§ **EXERCISE AIM**:
Set down the data below exactly; pictures stay out.

[Dataset entries]
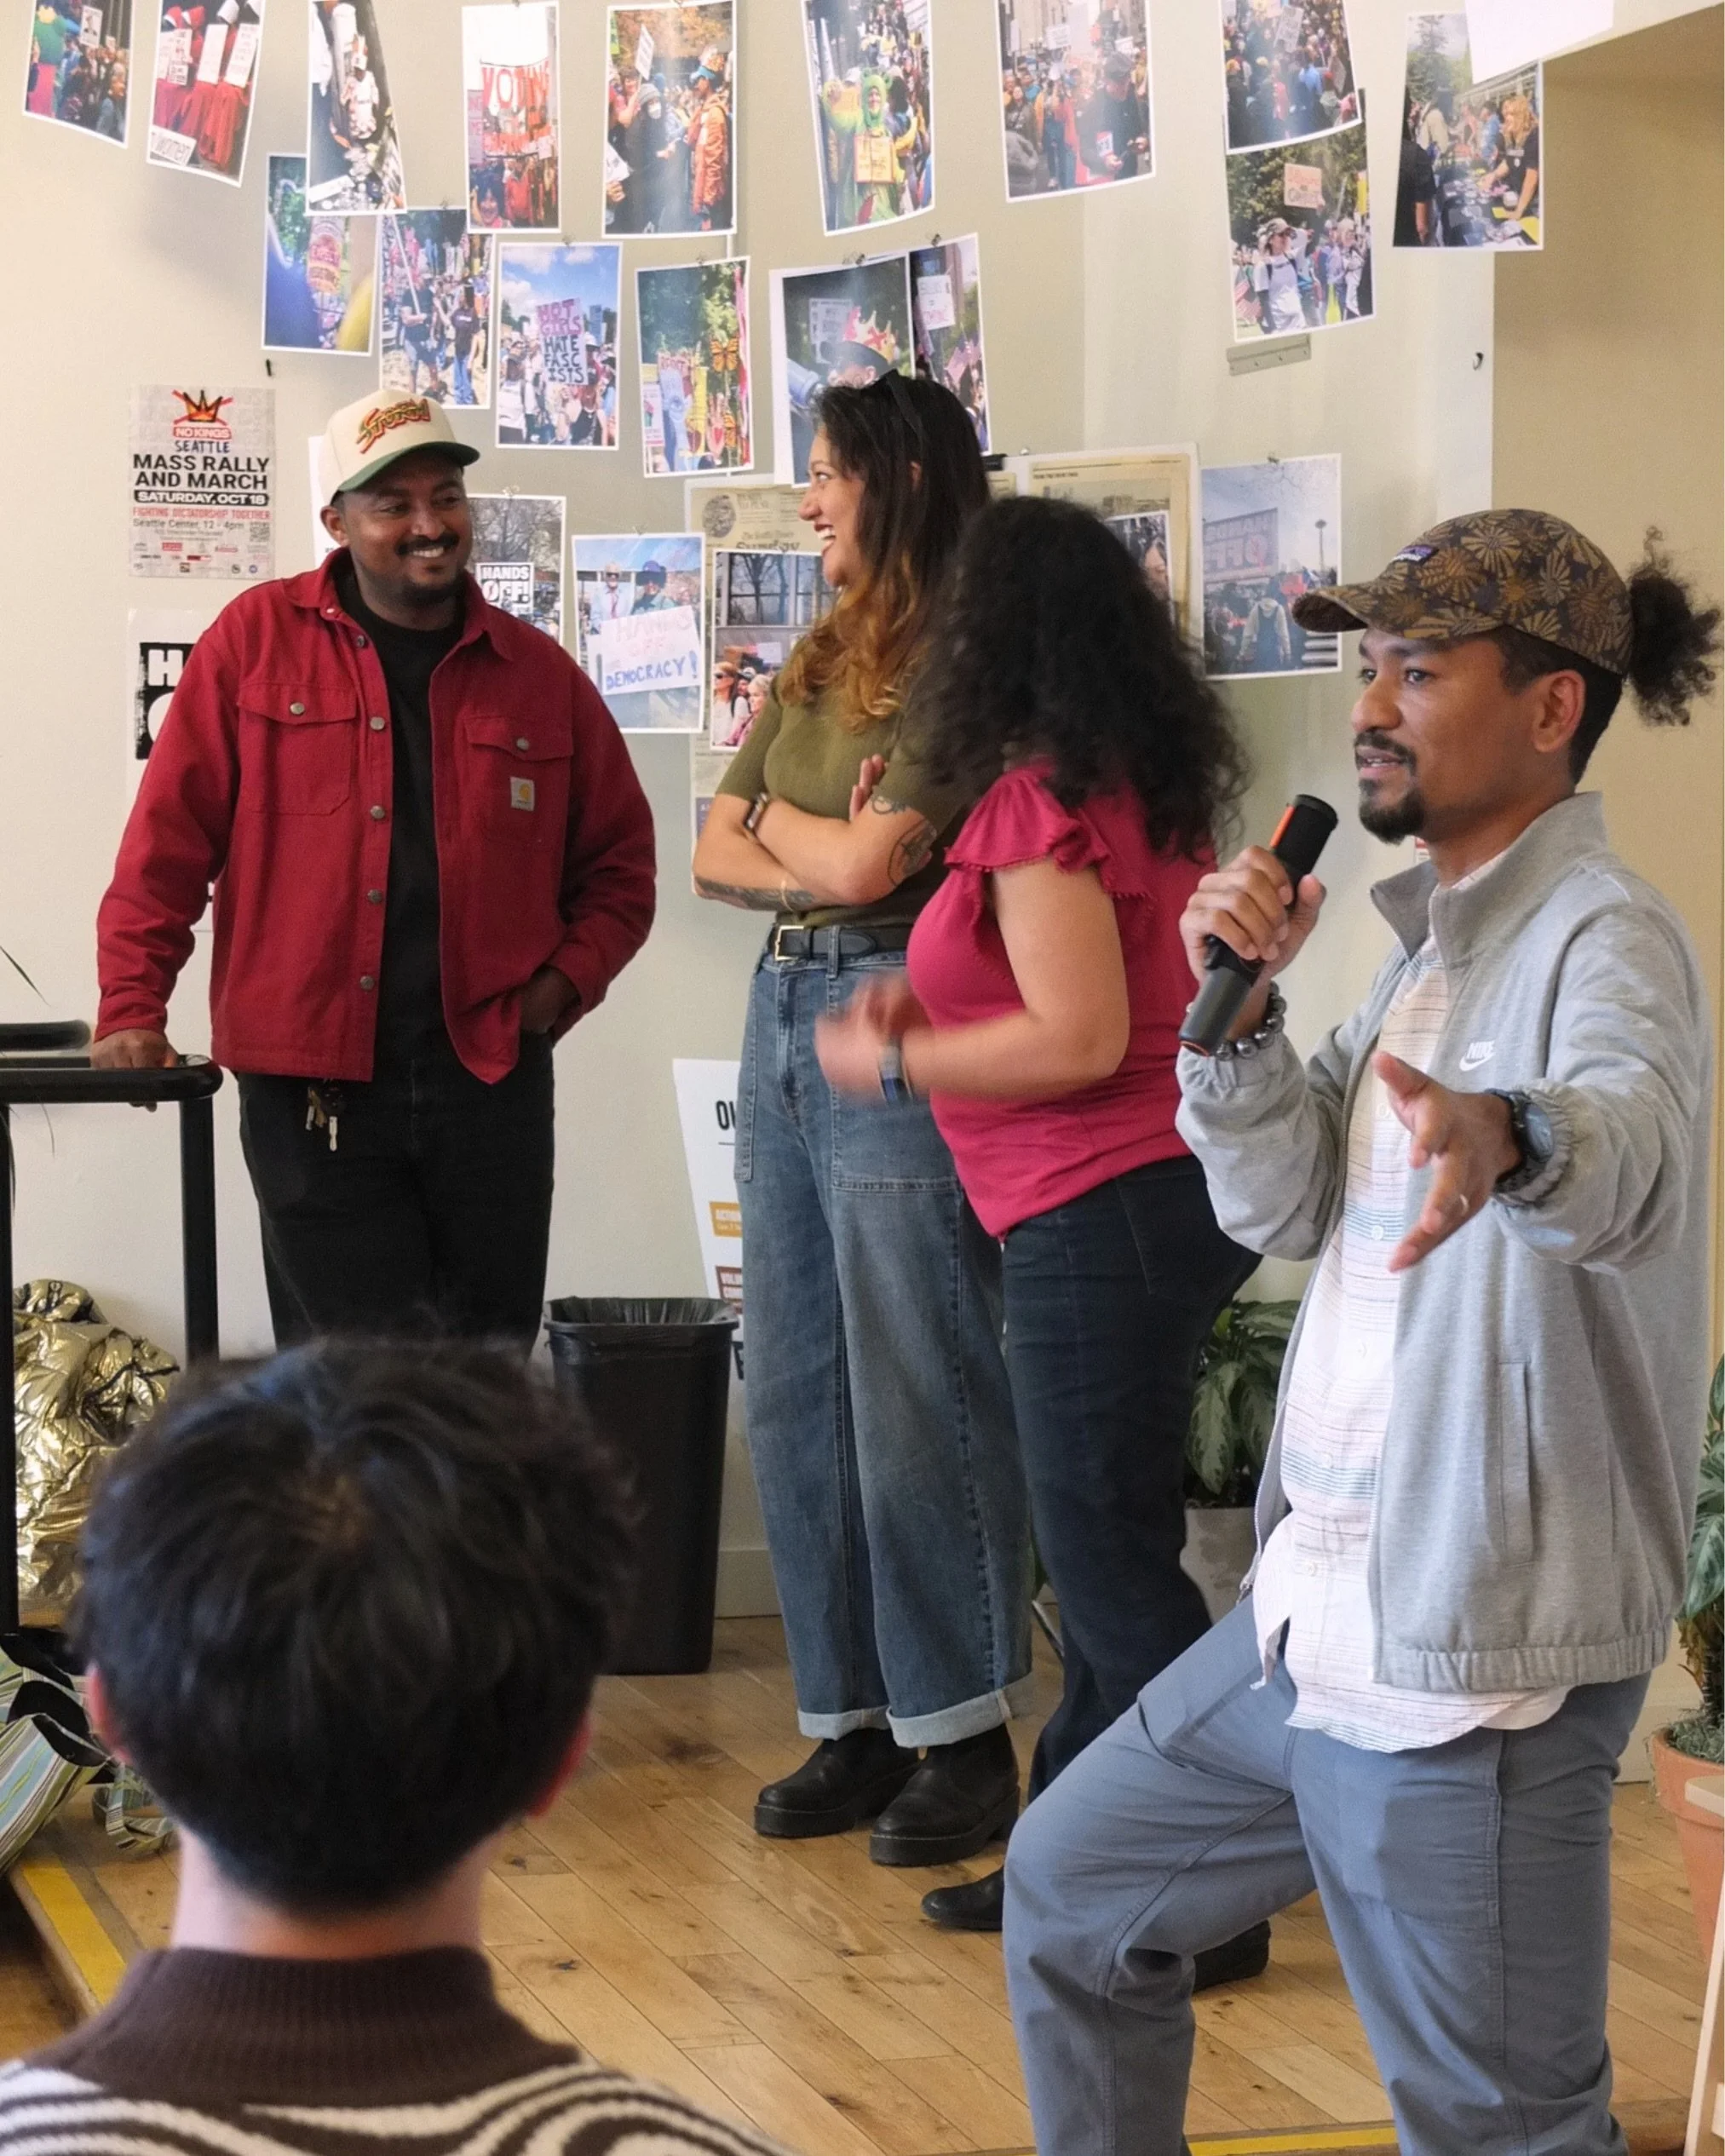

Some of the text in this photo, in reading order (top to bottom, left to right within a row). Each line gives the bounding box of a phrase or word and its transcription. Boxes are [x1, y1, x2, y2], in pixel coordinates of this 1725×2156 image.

[544, 334, 579, 353] HATE
[543, 353, 580, 367] FASC
[548, 367, 584, 383] ISTS
[175, 428, 230, 439] NO KINGS
[175, 440, 230, 453] SEATTLE
[133, 454, 270, 473] MASS RALLY
[135, 471, 267, 491] AND MARCH
[138, 492, 266, 505] SATURDAY, OCT 18
[133, 519, 165, 528] Seattle
[204, 520, 214, 529] 12
[224, 521, 244, 531] 4pm
[481, 566, 529, 580] HANDS
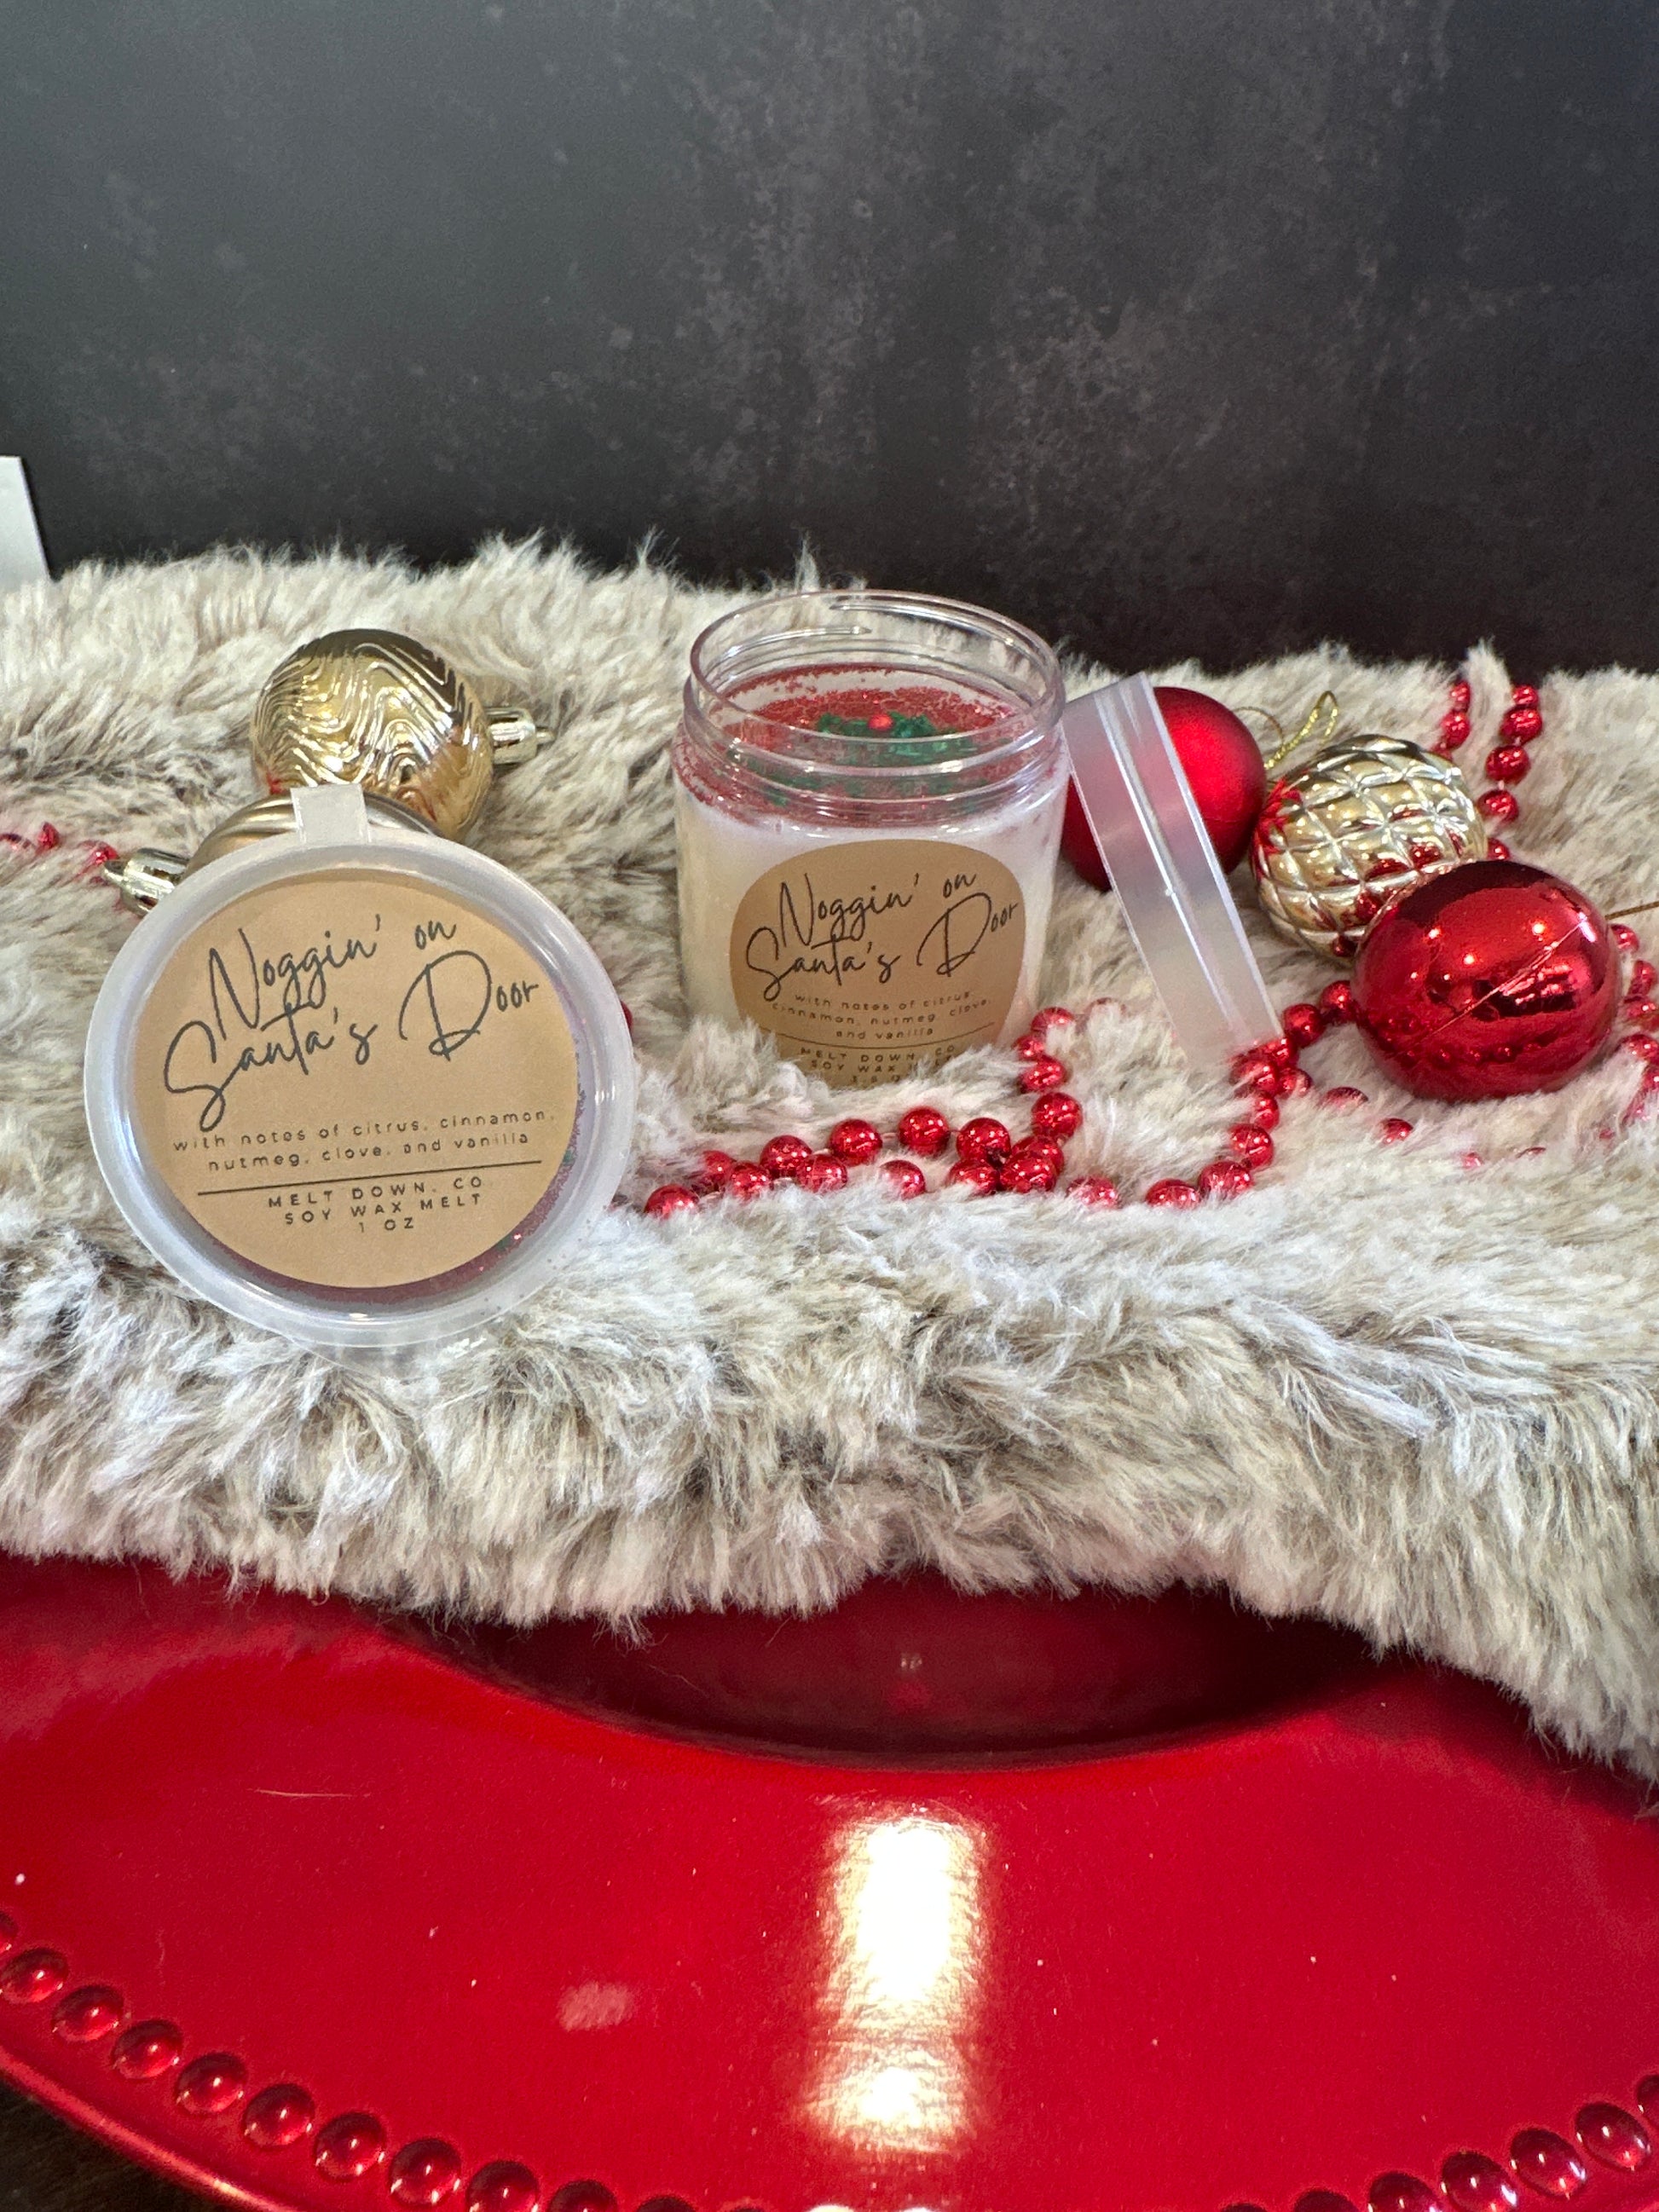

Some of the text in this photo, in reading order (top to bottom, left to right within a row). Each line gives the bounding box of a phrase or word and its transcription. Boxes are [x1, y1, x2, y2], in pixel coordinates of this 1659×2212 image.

[779, 872, 978, 948] Noggin' on
[746, 892, 1018, 1002] Santa's Door
[209, 913, 458, 1042] Noggin' on
[795, 994, 831, 1008] with
[841, 1001, 889, 1011] notes
[899, 999, 916, 1009] of
[163, 950, 540, 1132] Santa's Door
[835, 1026, 934, 1040] and vanilla
[800, 1047, 848, 1060] MELT
[934, 1044, 956, 1056] CO
[811, 1060, 846, 1071] SOY
[857, 1065, 897, 1073] WAX
[173, 1135, 226, 1152] with
[241, 1129, 306, 1145] notes
[318, 1123, 338, 1138] of
[403, 1138, 442, 1154] and
[454, 1132, 529, 1150] vanilla
[269, 1190, 333, 1208] MELT
[454, 1175, 483, 1190] CO
[285, 1193, 481, 1225] SOY WAX MELT
[358, 1216, 414, 1233] 1 OZ

§ **ANSWER SECTION**:
Some of the text in this photo, in reading order (top to bottom, left to right within a row). Each line gives the bounding box of a phrase or word and its transcription. Boxes are [x1, y1, x2, y2], in pixel coordinates of this 1725×2156 image.

[544, 334, 579, 353] HATE
[543, 353, 580, 367] FASC
[548, 367, 584, 383] ISTS
[175, 428, 230, 439] NO KINGS
[175, 440, 230, 453] SEATTLE
[133, 454, 270, 473] MASS RALLY
[135, 471, 267, 491] AND MARCH
[138, 492, 266, 505] SATURDAY, OCT 18
[133, 519, 165, 528] Seattle
[204, 520, 214, 529] 12
[224, 521, 244, 531] 4pm
[481, 566, 529, 580] HANDS

Some of the text in this photo, in reading order (top to bottom, left to right within a row). Each line gives the bounding box of a phrase or word and its transcription. Boxes are [x1, y1, x2, y2], in pixel coordinates of this 1659×2212 image.

[779, 872, 978, 948] Noggin' on
[746, 892, 1018, 1002] Santa's Door
[209, 913, 458, 1042] Noggin' on
[795, 994, 831, 1008] with
[841, 1001, 889, 1011] notes
[899, 999, 916, 1009] of
[163, 950, 540, 1132] Santa's Door
[835, 1026, 934, 1040] and vanilla
[800, 1047, 848, 1060] MELT
[934, 1044, 956, 1056] CO
[811, 1060, 846, 1071] SOY
[857, 1065, 897, 1073] WAX
[173, 1135, 226, 1152] with
[241, 1129, 306, 1145] notes
[318, 1123, 338, 1138] of
[403, 1138, 442, 1154] and
[454, 1132, 529, 1150] vanilla
[269, 1190, 333, 1208] MELT
[454, 1175, 483, 1190] CO
[285, 1193, 481, 1225] SOY WAX MELT
[358, 1216, 414, 1233] 1 OZ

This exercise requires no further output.